VERDICT DE LA COUR EUROPÉENNE : LEYLA ZANA ET SES COLLÈGUES N’ONT PAS EU UN PROCÈS ÉQUITABLE. LA TURQUIE CONDAMNÉE POUR LA VIOLATION DE LA CONVENTION EUROPÉENNE DES DROITS DE L’HOMME


La Cour européenne des droits de l’homme a, le 17 juillet, rendu son verdict dans l’affaire de Leyla Zana, ex-députée du Parti de la démocratie (DEP, dissous, pro-kurde), et ses collègues, Orhan Dogan, Selim Sadak et Hatip Dicle : Elle condamne à l’unanimité la Turquie pour la violation de l’article 6 de la convention européenne des droits de l’homme et statue que les députés kurdes ont été condamnés par un tribunal qui n’était ni indépendant ni impartial à l’issue d’un procès non équitable.

Mme Zana, lauréate du prix Sakharov 1995 du Parlement européen et nominée la même année pour le prix Nobel de la paix, purge une peine de 15 ans de prison, infligée en 1994 par la Cour de sûreté d'Ankara pour " appartenance à une bande armée " et activité " séparatiste intense sous la bannière du PKK " (Parti des travailleurs du Kurdistan, interdit). La députée et les trois autres parlementaires avaient été arrêtés en mars 1994 après la levée de leur immunité parlementaire. Ces quatre anciens parlementaires se sont plaints devant la Cour européenne de Strasbourg de l'iniquité de leur procès devant la Cour de sûreté d'Ankara, où un juge militaire siégeait encore à l'époque (avant une modification de la loi durant le procès du chef kurde Abdullah Ocalan). En 1999, Mme Zana avait déjà obtenu une condamnation de la Turquie à Strasbourg, après une requête présentée en même temps que cinq autres députés du DEP qui se plaignaient de la durée excessive de leur garde-à-vue (12 à 14 jours) en 1994, sans contrôle de l'autorité judiciaire.

La Cour européenne conclut à l’unanimité que la cour de sûreté de l'Etat d'Ankara n’était pas un tribunal indépendant et impartial au sens de l'article 6 de la Convention européenne. La Cour a estimé qu’ " il est compréhensible (…) que les requérants, qui répondaient devant une cour de sûreté de l'Etat de l'accusation de tentative de nuire à l’indépendance et à l'unité de l’Etat, aient redouté de comparaître devant des juges au nombre desquels figurait un officier de carrière appartenant à la magistrature militaire. De ce fait, ils pouvaient légitimement craindre que la cour de sûreté de l'Etat d'Ankara se laissât indûment guider par des considérations étrangères à la nature de leur cause. Bref, on peut considérer qu’étaient objectivement justifiés les doutes nourris par les requérants quant à l'indépendance et à l'impartialité de cette juridiction. "

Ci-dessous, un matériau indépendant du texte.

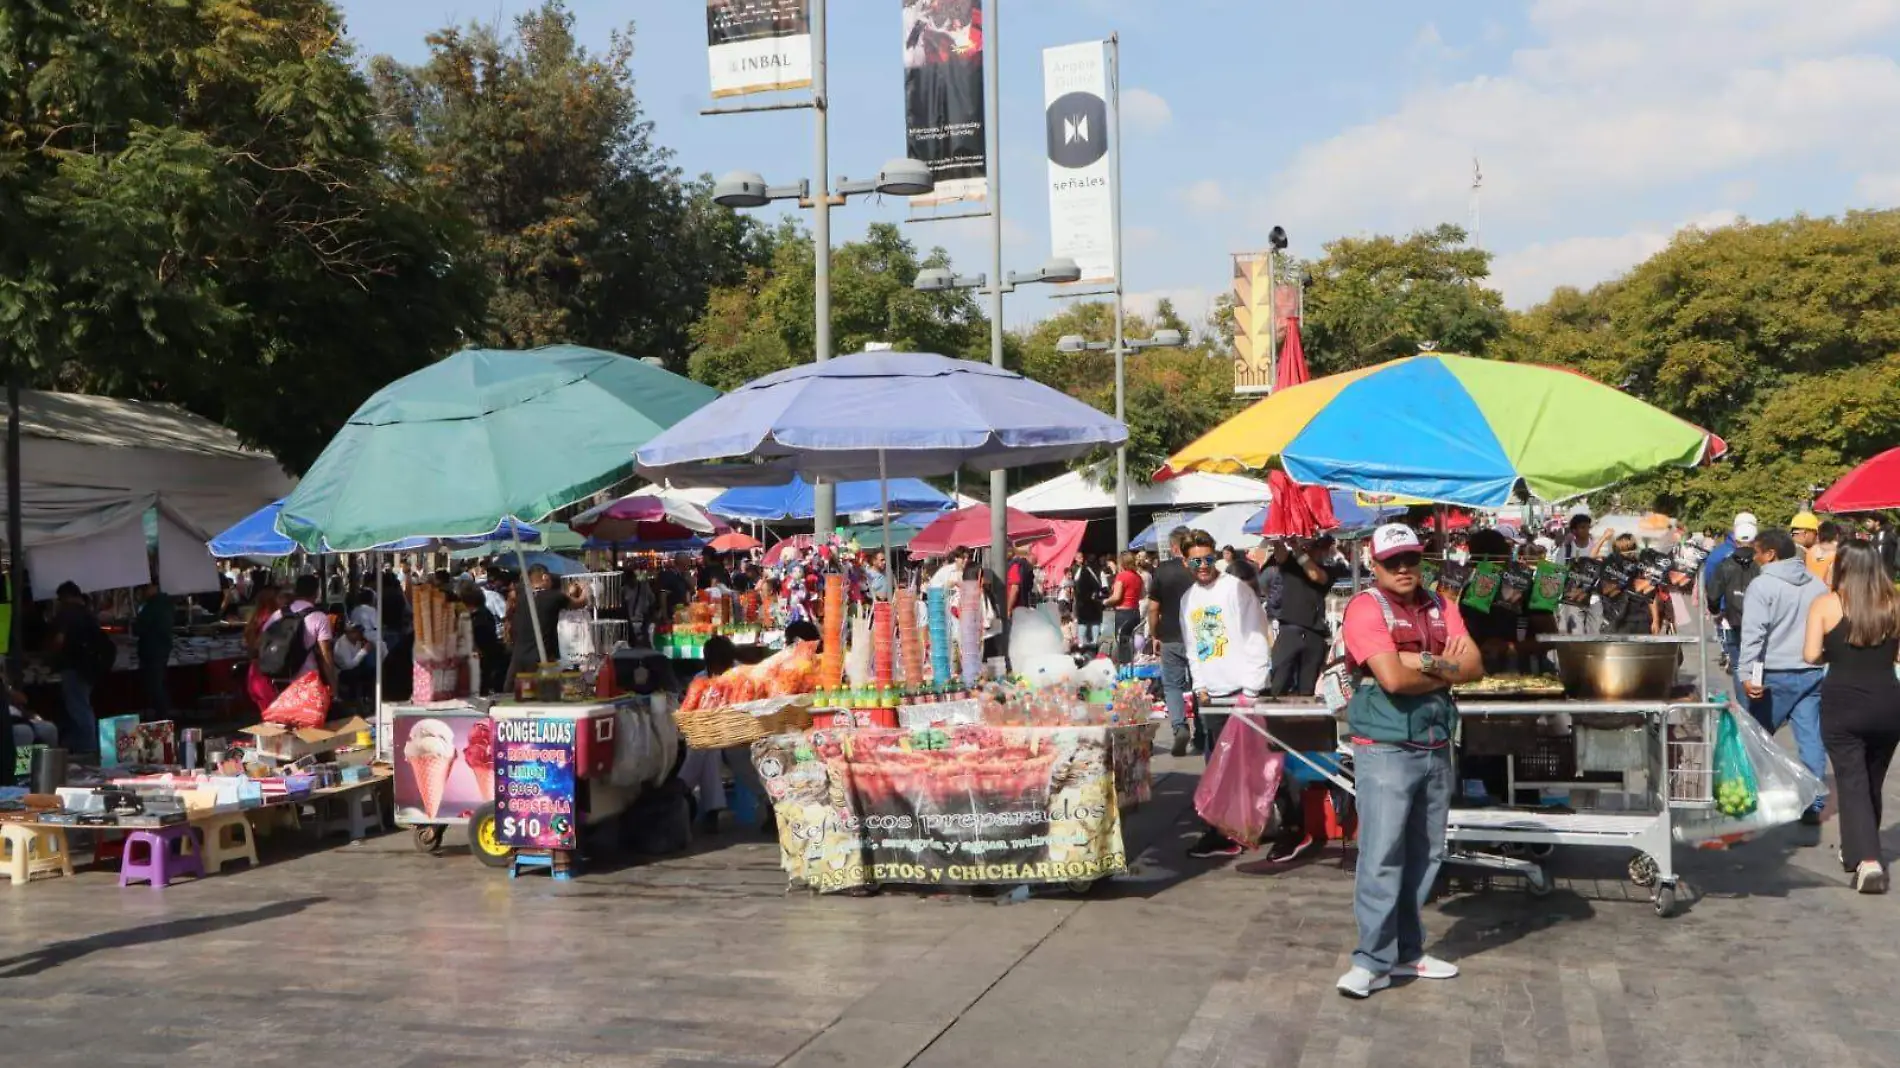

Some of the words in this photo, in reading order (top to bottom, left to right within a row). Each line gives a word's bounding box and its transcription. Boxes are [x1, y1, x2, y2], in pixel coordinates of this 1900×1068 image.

[741, 53, 792, 71] INBAL
[1053, 176, 1105, 191] señales
[497, 721, 571, 743] CONGELADAS
[508, 781, 540, 796] COCO
[508, 798, 571, 814] GROSELLA
[503, 816, 540, 838] $10
[931, 868, 943, 883] y
[949, 851, 1125, 881] CHICHARRONES

La Cour européenne juge également à l’unanimité qu’une atteinte a été portée au droit des requérants à être informés d’une manière détaillée de la nature et de la cause de l’accusation portée contre eux, ainsi qu’à leur droit à disposer du temps et des facilités nécessaires à la préparation de leur défense. La qualification des accusations portées contre les députés du DEP avaient été modifiée lors de la dernière audience de leur procès. L’accusation leur reprochait à l’origine d’avoir prôné le " séparatisme " et d'avoir porté " atteinte à l'intégrité de l'Etat ". Or, le jour de l’arrêt, le 8 décembre 1994, la cour de sûreté de l’Etat les a invités à élaborer sur-le-champ leur défense face à une nouvelle accusation, à savoir celle d’appartenance à une organisation armée illégale. Elle a ensuite rejeté leur demande tendant à l’obtention d’un délai supplémentaire pour la préparation de leur défense contre la nouvelle accusation.

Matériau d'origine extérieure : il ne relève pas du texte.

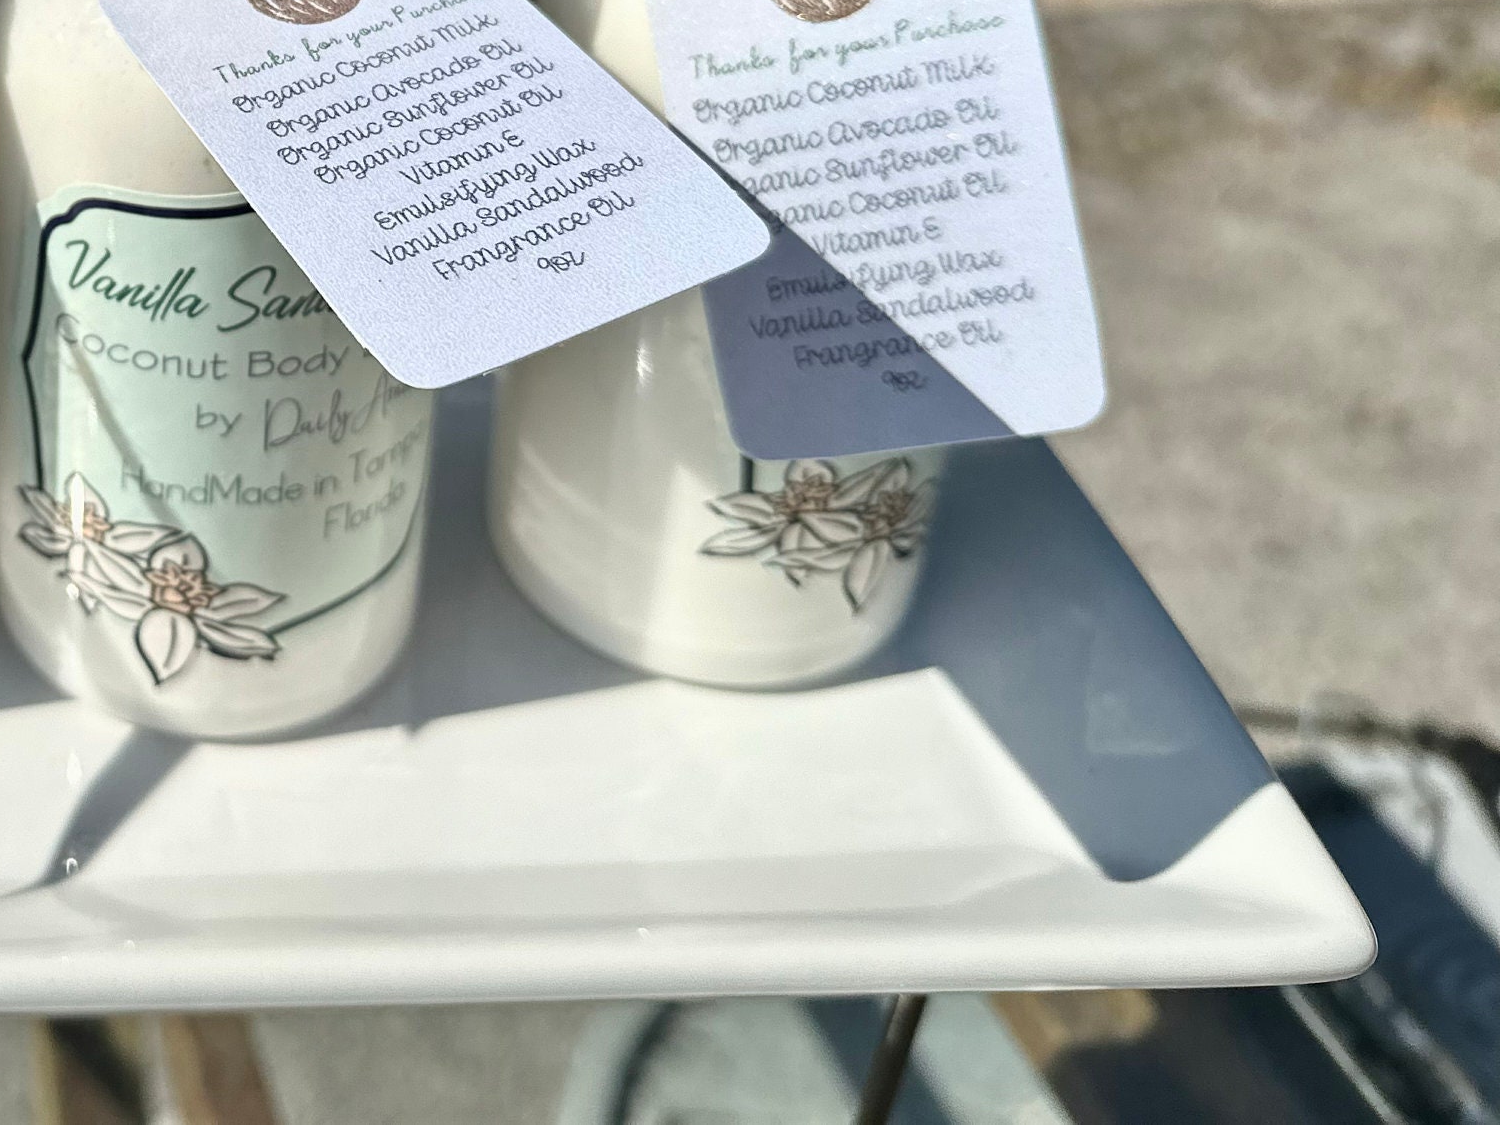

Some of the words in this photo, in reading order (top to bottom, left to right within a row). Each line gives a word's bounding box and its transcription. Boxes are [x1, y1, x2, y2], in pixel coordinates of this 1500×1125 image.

[213, 49, 295, 84] Thanks
[301, 37, 343, 62] for
[346, 19, 394, 48] your
[232, 70, 336, 113] Organic
[335, 34, 435, 77] Coconut
[432, 13, 499, 43] Milk
[689, 45, 776, 79] Thanks
[787, 37, 828, 74] for
[835, 35, 891, 66] your
[894, 9, 1006, 46] Purchase
[266, 94, 370, 138] Organic
[371, 55, 481, 102] Avocado
[479, 38, 522, 61] Oil
[280, 121, 383, 166] Organic
[382, 74, 512, 128] Sunflower
[510, 56, 554, 80] Oil
[692, 90, 803, 126] Organic
[806, 65, 918, 105] Coconut
[921, 52, 997, 85] Milk
[313, 139, 420, 184] Organic
[419, 99, 522, 147] Coconut
[518, 84, 563, 108] Oil
[399, 140, 505, 185] Vitamin
[502, 129, 525, 148] E
[712, 129, 823, 166] Organic
[827, 107, 951, 146] Avocado
[954, 94, 1001, 125] Oil
[373, 160, 538, 231] Emulsifying
[535, 137, 596, 170] Wax
[742, 167, 821, 202] ganic
[824, 145, 969, 182] Sunflower
[973, 129, 1020, 159] Oil
[849, 175, 961, 215] Coconut
[962, 169, 1009, 198] Oil
[370, 220, 478, 266] Vanilla
[476, 151, 644, 227] Sandalwood
[432, 211, 591, 280] Frangrance
[587, 190, 635, 218] Oil
[811, 221, 919, 258] Vitamin
[922, 216, 944, 240] E
[65, 239, 209, 323] Vanilla
[536, 251, 586, 274] 9oz
[765, 258, 937, 303] Emulsifying
[938, 248, 1003, 275] Wax
[751, 305, 850, 339] Vanilla
[855, 277, 1036, 326] Sandalwood
[55, 312, 228, 380] Coconut
[248, 344, 350, 378] Body
[793, 326, 953, 370] Frangrance
[956, 318, 1003, 346] Oil
[196, 402, 242, 437] by
[121, 461, 304, 506] HandMade
[313, 473, 338, 497] in
[323, 476, 407, 540] Florida

Par ailleurs, la Cour relève que pour retenir la culpabilité des anciens députés que : " les deux juridictions saisies se sont notamment basées, en leur accordant un poids déterminant, sur les dépositions des témoins [nldr : notamment de Sedat Bucak, chef de tribu devenu député du parti de la Juste Voie (DYP), Il est le seul rescapé de l’accident de voiture de Susurluk, reflétant la collusion de l’Etat et du monde politique avec la mafia turque] qui avaient affirmé devant le procureur de la République avant le procès que ces requérants avaient agi comme porte-paroles du PKK. " La Cour retient que " ni au stade de l'instruction ni pendant les débats, les intéressés n’ont pu interroger ou faire interroger ces témoins. Ils n’ont donc pu contrôler leur crédibilité, ni jeter un doute sur leurs dépositions ".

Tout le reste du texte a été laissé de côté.